Multimodal programs to change hand hygiene (HH) culture have achieved significant sustained improvements in HH compliance by health care workers and reductions in rates of infection with methicillin-resistant Staphylococcus aureus (MRSA) and other nosocomial pathogens in individual institutions in Australia and elsewhere.1-5 Although the World Health Organization and other bodies have advocated large-scale roll-outs of such programs, there are currently no data to support the efficacy of such system-wide initiatives or to describe an optimal approach.6,7 In fact, some researchers have expressed doubts about whether such programs can be effectively introduced across a range of institutions or as a statewide policy initiative, owing to their perceived dependence on enthusiastic individual champions and the complexity of developing a generic culture-change template that is suitable for multiple disparate institutions.8
After the success of a recent single-site HH culture-change program (HHCCP),1 we assessed the efficacy of a similar, but more focused, centrally coordinated 2-year pilot program in six Victorian health care institutions, and then of a 1-year program in all Victorian public hospitals (“statewide roll-out”).

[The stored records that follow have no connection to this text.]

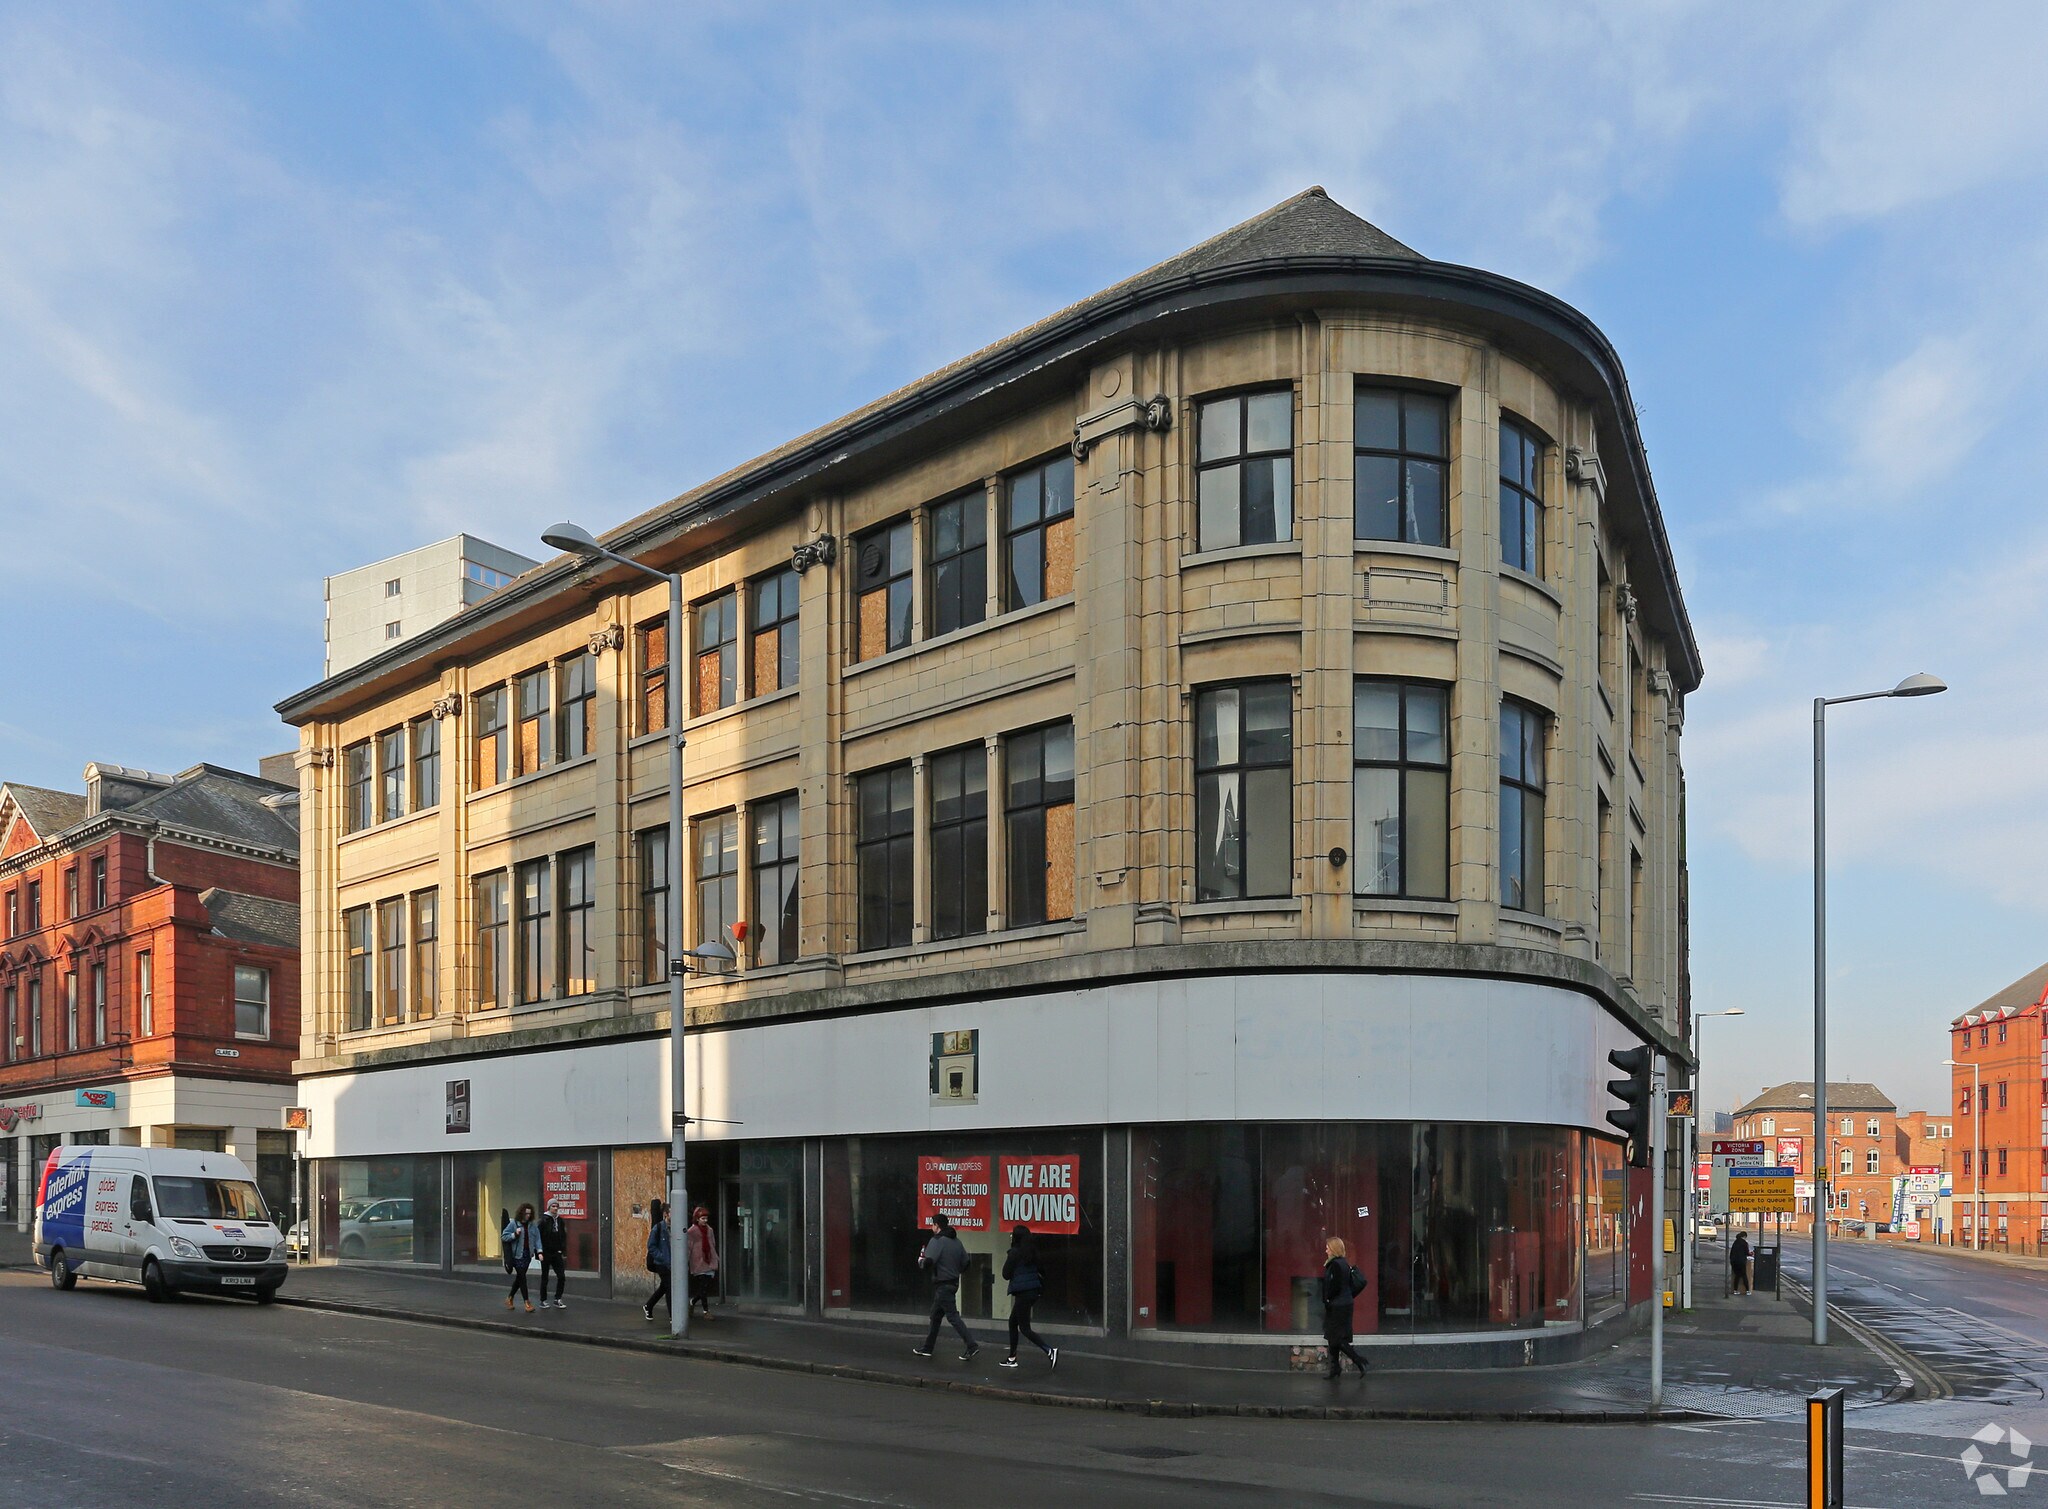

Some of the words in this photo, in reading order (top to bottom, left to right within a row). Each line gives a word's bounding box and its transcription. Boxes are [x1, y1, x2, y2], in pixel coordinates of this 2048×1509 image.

[82, 1091, 108, 1101] Argos
[18, 1105, 37, 1119] extra
[1755, 1144, 1762, 1152] P
[925, 1163, 938, 1171] OUR
[939, 1163, 958, 1171] NEW
[958, 1162, 983, 1171] ADDRESS:
[946, 1174, 963, 1183] THE
[1007, 1164, 1034, 1188] WE
[1038, 1164, 1071, 1188] ARE
[1818, 1168, 1827, 1179] H
[47, 1160, 86, 1202] interlink
[98, 1177, 118, 1195] global
[546, 1182, 569, 1191] FIREPLACE
[570, 1182, 586, 1191] STUDIO
[922, 1183, 960, 1195] FIREPLACE
[961, 1183, 988, 1196] STUDIO
[46, 1185, 83, 1220] express
[95, 1200, 119, 1216] express
[931, 1198, 943, 1207] 213
[944, 1198, 961, 1207] DERBY
[962, 1198, 976, 1207] ROAD
[1003, 1193, 1076, 1223] MOVING
[91, 1218, 113, 1235] parcels
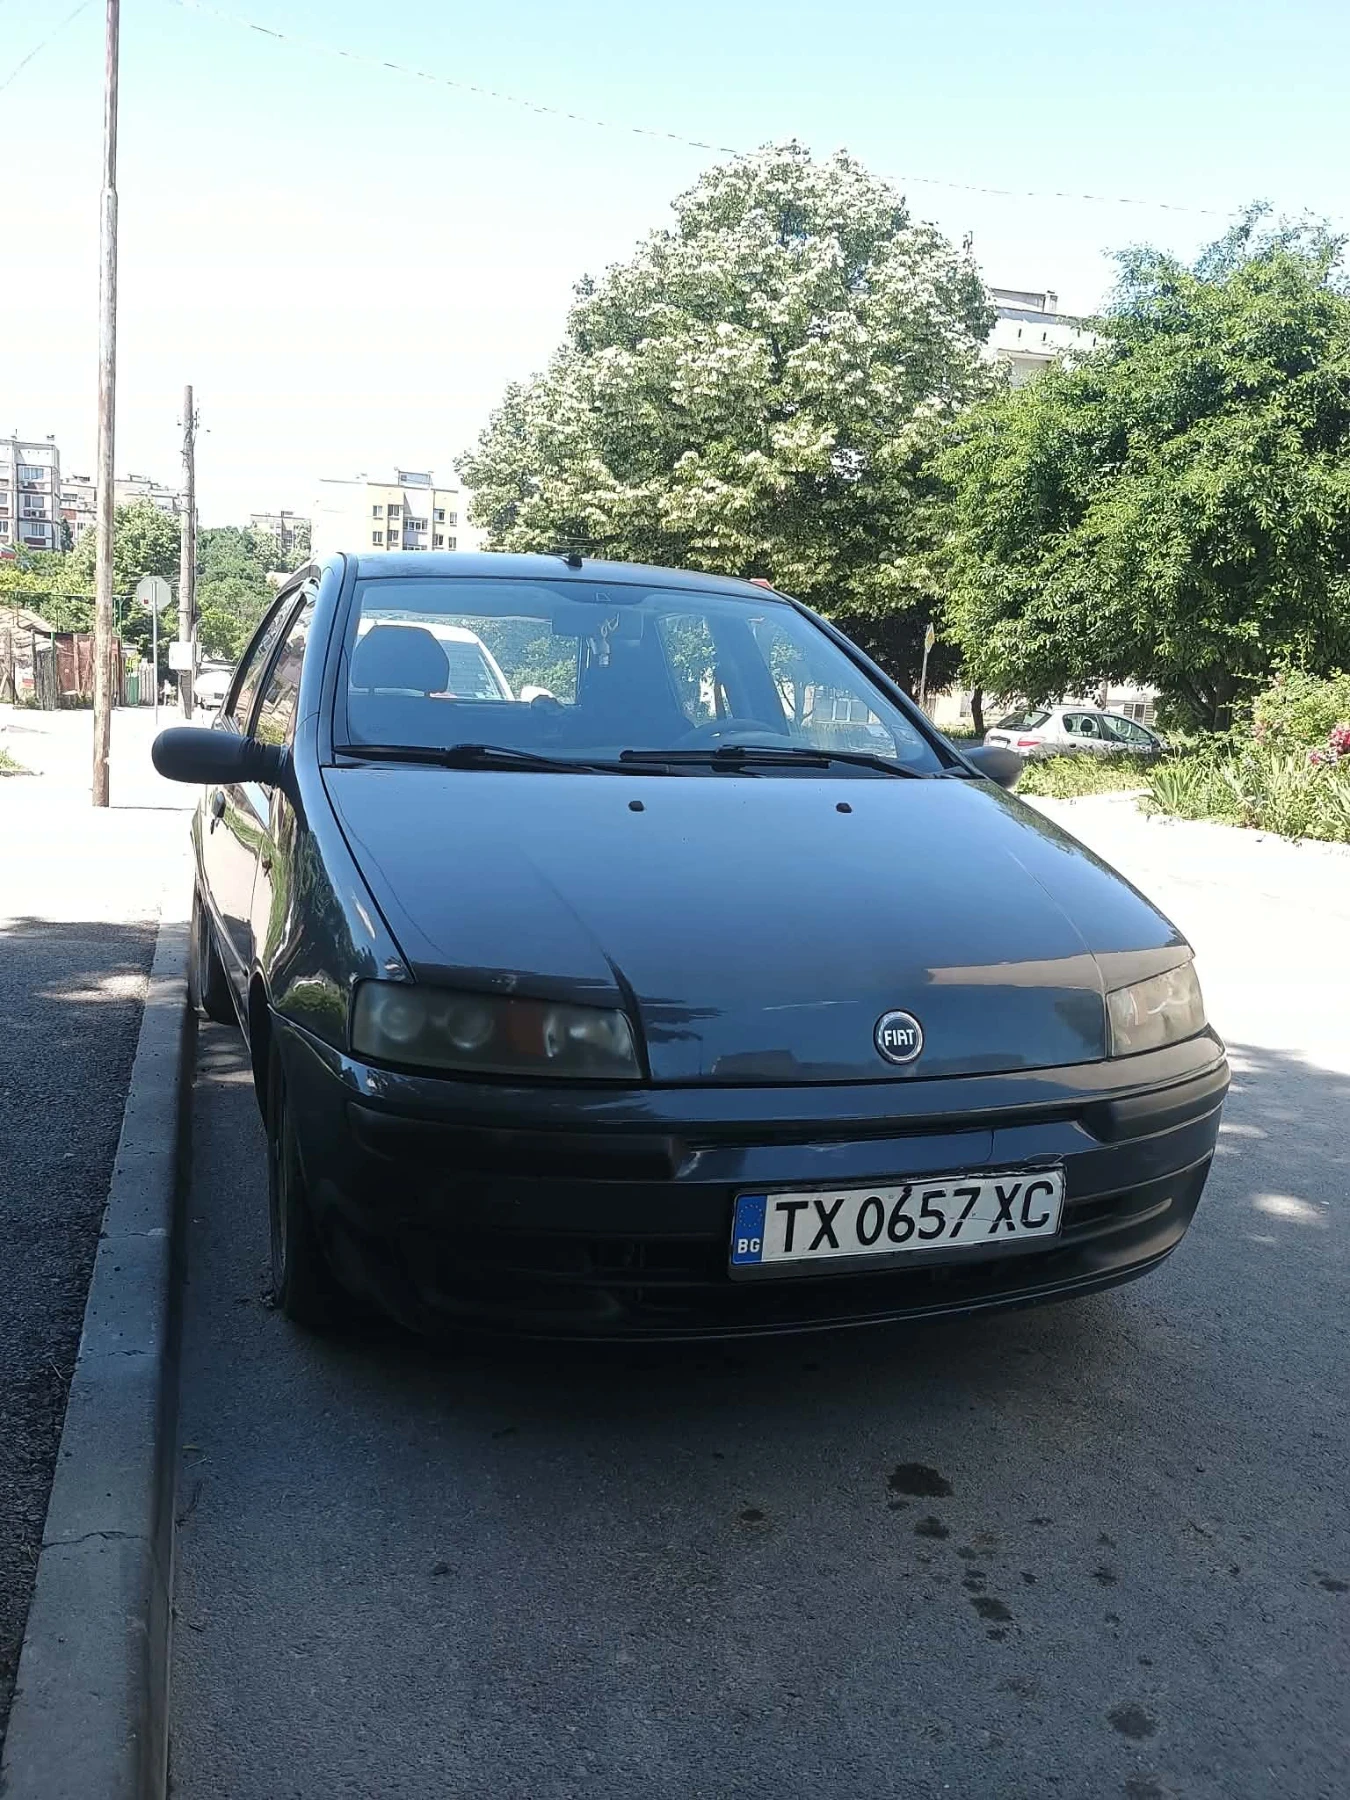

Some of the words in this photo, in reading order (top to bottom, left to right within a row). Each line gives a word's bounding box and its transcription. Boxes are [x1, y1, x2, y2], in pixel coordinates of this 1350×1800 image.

[884, 1029, 915, 1046] FIAT
[775, 1198, 845, 1253] TX
[856, 1186, 981, 1246] 0657
[988, 1180, 1054, 1234] XC
[737, 1238, 760, 1254] BG
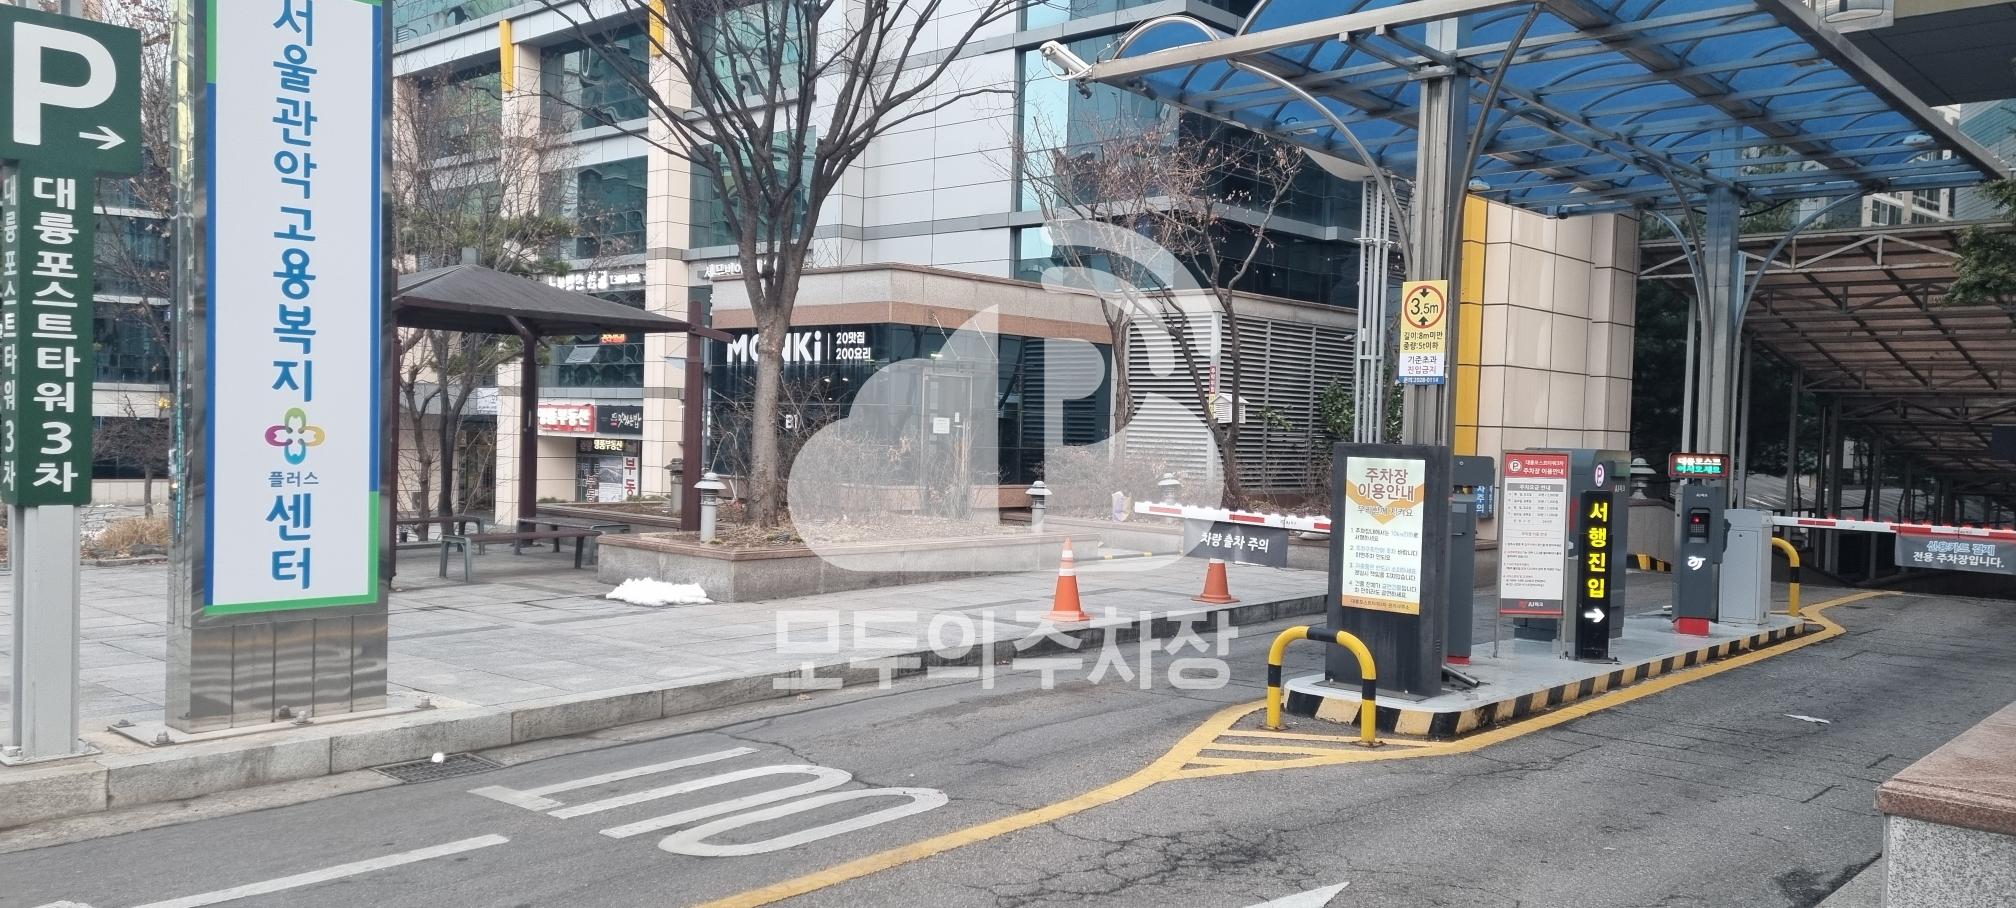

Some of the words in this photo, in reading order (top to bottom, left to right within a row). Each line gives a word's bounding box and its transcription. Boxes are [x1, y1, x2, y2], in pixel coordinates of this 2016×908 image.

[13, 21, 117, 146] P
[1410, 297, 1439, 316] 3.5m
[32, 176, 81, 493] 대륭포스트타워3차
[835, 330, 865, 345] 20맛집
[835, 346, 872, 361] 200요리
[1407, 365, 1437, 375] 진입금지
[785, 414, 799, 429] B1
[593, 439, 624, 451] 명품부동산
[268, 470, 320, 488] 플러스
[1364, 467, 1409, 485] 주차장
[1357, 482, 1415, 502] 이용안내
[266, 492, 313, 590] 센터
[1200, 531, 1222, 548] 차량
[1223, 534, 1245, 551] 출차
[1247, 536, 1269, 554] 주의
[1926, 540, 1971, 554] 신용카드
[1971, 543, 1996, 557] 결제
[1587, 502, 1608, 599] 서행진입
[1912, 551, 1934, 563] 전용
[1936, 552, 2005, 569] 주차장입니다.

The HHCCP was sponsored, funded and coordinated by the Victorian Quality Council (VQC). A project coordination and data analysis centre was established in the Infectious Diseases Department at Austin Health, Melbourne, to provide training for project officers at each site; standardisation of HH compliance assessment; data collection and analysis (rates of HH compliance and MRSA); education and promotional support; and liaison between participating institutions and the VQC.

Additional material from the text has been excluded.